----- Supplied data -----

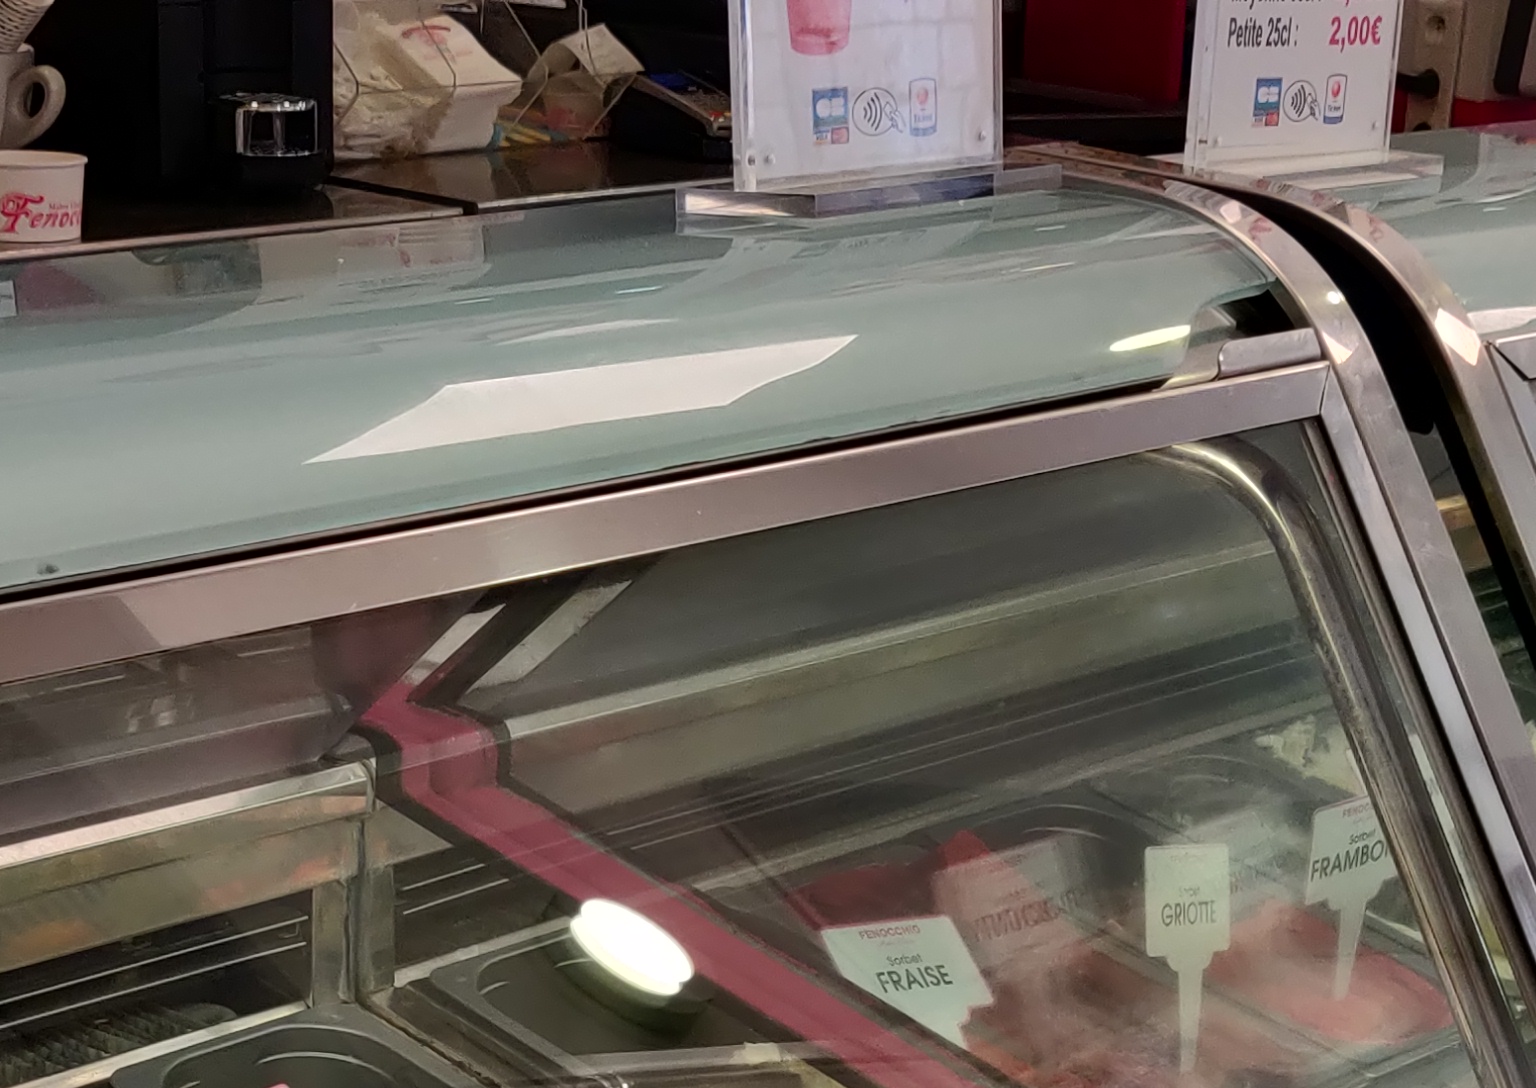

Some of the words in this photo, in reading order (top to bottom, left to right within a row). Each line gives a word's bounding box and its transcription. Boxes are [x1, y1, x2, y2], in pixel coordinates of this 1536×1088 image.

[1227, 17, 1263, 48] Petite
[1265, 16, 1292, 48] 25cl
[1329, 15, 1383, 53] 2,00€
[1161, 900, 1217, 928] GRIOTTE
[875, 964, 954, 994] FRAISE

-----

» Task description
Copy out the data exactly and keep the pictures out.

» Solved problem
Some of the words in this photo, in reading order (top to bottom, left to right within a row). Each line gives a word's bounding box and its transcription. Boxes are [x1, y1, x2, y2], in pixel coordinates of this 1536×1088 image.

[1227, 17, 1263, 48] Petite
[1265, 16, 1292, 48] 25cl
[1329, 15, 1383, 53] 2,00€
[1161, 900, 1217, 928] GRIOTTE
[875, 964, 954, 994] FRAISE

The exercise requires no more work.